» **RECORDS SHOWN**
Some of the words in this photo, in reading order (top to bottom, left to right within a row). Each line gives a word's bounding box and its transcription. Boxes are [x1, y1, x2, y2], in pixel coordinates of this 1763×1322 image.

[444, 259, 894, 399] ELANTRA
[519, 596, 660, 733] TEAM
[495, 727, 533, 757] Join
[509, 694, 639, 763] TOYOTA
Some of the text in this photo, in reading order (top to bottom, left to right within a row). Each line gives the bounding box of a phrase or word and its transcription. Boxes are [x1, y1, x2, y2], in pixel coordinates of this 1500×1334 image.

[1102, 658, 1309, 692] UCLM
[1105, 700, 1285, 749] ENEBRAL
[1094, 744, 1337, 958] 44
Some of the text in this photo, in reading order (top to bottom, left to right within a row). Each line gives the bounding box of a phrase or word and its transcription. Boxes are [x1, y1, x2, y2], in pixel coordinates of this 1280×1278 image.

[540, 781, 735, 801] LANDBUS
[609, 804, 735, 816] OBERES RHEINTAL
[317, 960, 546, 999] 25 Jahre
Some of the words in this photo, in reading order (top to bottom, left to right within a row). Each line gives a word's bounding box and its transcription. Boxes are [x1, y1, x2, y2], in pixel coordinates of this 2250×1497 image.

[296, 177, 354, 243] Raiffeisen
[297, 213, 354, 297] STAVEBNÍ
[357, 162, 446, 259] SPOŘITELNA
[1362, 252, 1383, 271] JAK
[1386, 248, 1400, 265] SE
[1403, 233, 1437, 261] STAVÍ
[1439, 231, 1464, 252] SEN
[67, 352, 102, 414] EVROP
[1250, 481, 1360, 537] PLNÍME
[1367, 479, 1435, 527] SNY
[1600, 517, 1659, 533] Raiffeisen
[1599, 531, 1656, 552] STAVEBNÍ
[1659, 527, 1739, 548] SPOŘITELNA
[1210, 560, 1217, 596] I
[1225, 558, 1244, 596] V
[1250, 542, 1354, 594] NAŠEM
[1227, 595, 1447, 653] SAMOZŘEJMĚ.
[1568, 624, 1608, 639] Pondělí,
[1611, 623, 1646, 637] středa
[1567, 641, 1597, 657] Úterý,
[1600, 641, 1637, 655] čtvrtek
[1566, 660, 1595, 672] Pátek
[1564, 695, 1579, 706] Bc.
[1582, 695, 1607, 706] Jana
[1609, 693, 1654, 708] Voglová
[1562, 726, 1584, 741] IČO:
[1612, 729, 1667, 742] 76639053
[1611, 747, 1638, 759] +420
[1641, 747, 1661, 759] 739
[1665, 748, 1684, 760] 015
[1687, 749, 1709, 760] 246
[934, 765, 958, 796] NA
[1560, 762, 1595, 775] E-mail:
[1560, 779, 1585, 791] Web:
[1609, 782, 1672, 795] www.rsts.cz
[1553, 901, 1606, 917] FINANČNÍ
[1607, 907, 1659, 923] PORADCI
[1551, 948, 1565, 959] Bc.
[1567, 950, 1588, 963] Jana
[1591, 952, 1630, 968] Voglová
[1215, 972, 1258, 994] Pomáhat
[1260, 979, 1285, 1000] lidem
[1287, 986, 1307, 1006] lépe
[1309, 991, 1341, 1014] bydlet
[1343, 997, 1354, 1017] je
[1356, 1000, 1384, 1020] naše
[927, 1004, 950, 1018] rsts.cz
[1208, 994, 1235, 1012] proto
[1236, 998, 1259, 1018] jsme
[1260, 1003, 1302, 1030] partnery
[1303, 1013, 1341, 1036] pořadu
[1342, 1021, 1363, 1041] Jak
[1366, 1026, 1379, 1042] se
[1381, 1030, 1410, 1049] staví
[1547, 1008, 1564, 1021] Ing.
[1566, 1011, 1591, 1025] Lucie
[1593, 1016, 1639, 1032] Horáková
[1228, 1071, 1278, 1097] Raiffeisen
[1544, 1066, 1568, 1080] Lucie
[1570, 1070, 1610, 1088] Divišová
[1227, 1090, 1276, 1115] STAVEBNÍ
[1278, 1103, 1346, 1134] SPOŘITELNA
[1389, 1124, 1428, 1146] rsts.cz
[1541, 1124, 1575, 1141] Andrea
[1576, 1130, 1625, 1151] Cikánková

» **HOW TO COMPLETE THIS TASK**
Repeat the data word for word.

» **ANSWER TO THIS EXERCISE**
Some of the words in this photo, in reading order (top to bottom, left to right within a row). Each line gives a word's bounding box and its transcription. Boxes are [x1, y1, x2, y2], in pixel coordinates of this 1763×1322 image.

[444, 259, 894, 399] ELANTRA
[519, 596, 660, 733] TEAM
[495, 727, 533, 757] Join
[509, 694, 639, 763] TOYOTA
Some of the text in this photo, in reading order (top to bottom, left to right within a row). Each line gives the bounding box of a phrase or word and its transcription. Boxes are [x1, y1, x2, y2], in pixel coordinates of this 1500×1334 image.

[1102, 658, 1309, 692] UCLM
[1105, 700, 1285, 749] ENEBRAL
[1094, 744, 1337, 958] 44
Some of the text in this photo, in reading order (top to bottom, left to right within a row). Each line gives the bounding box of a phrase or word and its transcription. Boxes are [x1, y1, x2, y2], in pixel coordinates of this 1280×1278 image.

[540, 781, 735, 801] LANDBUS
[609, 804, 735, 816] OBERES RHEINTAL
[317, 960, 546, 999] 25 Jahre
Some of the words in this photo, in reading order (top to bottom, left to right within a row). Each line gives a word's bounding box and its transcription. Boxes are [x1, y1, x2, y2], in pixel coordinates of this 2250×1497 image.

[296, 177, 354, 243] Raiffeisen
[297, 213, 354, 297] STAVEBNÍ
[357, 162, 446, 259] SPOŘITELNA
[1362, 252, 1383, 271] JAK
[1386, 248, 1400, 265] SE
[1403, 233, 1437, 261] STAVÍ
[1439, 231, 1464, 252] SEN
[67, 352, 102, 414] EVROP
[1250, 481, 1360, 537] PLNÍME
[1367, 479, 1435, 527] SNY
[1600, 517, 1659, 533] Raiffeisen
[1599, 531, 1656, 552] STAVEBNÍ
[1659, 527, 1739, 548] SPOŘITELNA
[1210, 560, 1217, 596] I
[1225, 558, 1244, 596] V
[1250, 542, 1354, 594] NAŠEM
[1227, 595, 1447, 653] SAMOZŘEJMĚ.
[1568, 624, 1608, 639] Pondělí,
[1611, 623, 1646, 637] středa
[1567, 641, 1597, 657] Úterý,
[1600, 641, 1637, 655] čtvrtek
[1566, 660, 1595, 672] Pátek
[1564, 695, 1579, 706] Bc.
[1582, 695, 1607, 706] Jana
[1609, 693, 1654, 708] Voglová
[1562, 726, 1584, 741] IČO:
[1612, 729, 1667, 742] 76639053
[1611, 747, 1638, 759] +420
[1641, 747, 1661, 759] 739
[1665, 748, 1684, 760] 015
[1687, 749, 1709, 760] 246
[934, 765, 958, 796] NA
[1560, 762, 1595, 775] E-mail:
[1560, 779, 1585, 791] Web:
[1609, 782, 1672, 795] www.rsts.cz
[1553, 901, 1606, 917] FINANČNÍ
[1607, 907, 1659, 923] PORADCI
[1551, 948, 1565, 959] Bc.
[1567, 950, 1588, 963] Jana
[1591, 952, 1630, 968] Voglová
[1215, 972, 1258, 994] Pomáhat
[1260, 979, 1285, 1000] lidem
[1287, 986, 1307, 1006] lépe
[1309, 991, 1341, 1014] bydlet
[1343, 997, 1354, 1017] je
[1356, 1000, 1384, 1020] naše
[927, 1004, 950, 1018] rsts.cz
[1208, 994, 1235, 1012] proto
[1236, 998, 1259, 1018] jsme
[1260, 1003, 1302, 1030] partnery
[1303, 1013, 1341, 1036] pořadu
[1342, 1021, 1363, 1041] Jak
[1366, 1026, 1379, 1042] se
[1381, 1030, 1410, 1049] staví
[1547, 1008, 1564, 1021] Ing.
[1566, 1011, 1591, 1025] Lucie
[1593, 1016, 1639, 1032] Horáková
[1228, 1071, 1278, 1097] Raiffeisen
[1544, 1066, 1568, 1080] Lucie
[1570, 1070, 1610, 1088] Divišová
[1227, 1090, 1276, 1115] STAVEBNÍ
[1278, 1103, 1346, 1134] SPOŘITELNA
[1389, 1124, 1428, 1146] rsts.cz
[1541, 1124, 1575, 1141] Andrea
[1576, 1130, 1625, 1151] Cikánková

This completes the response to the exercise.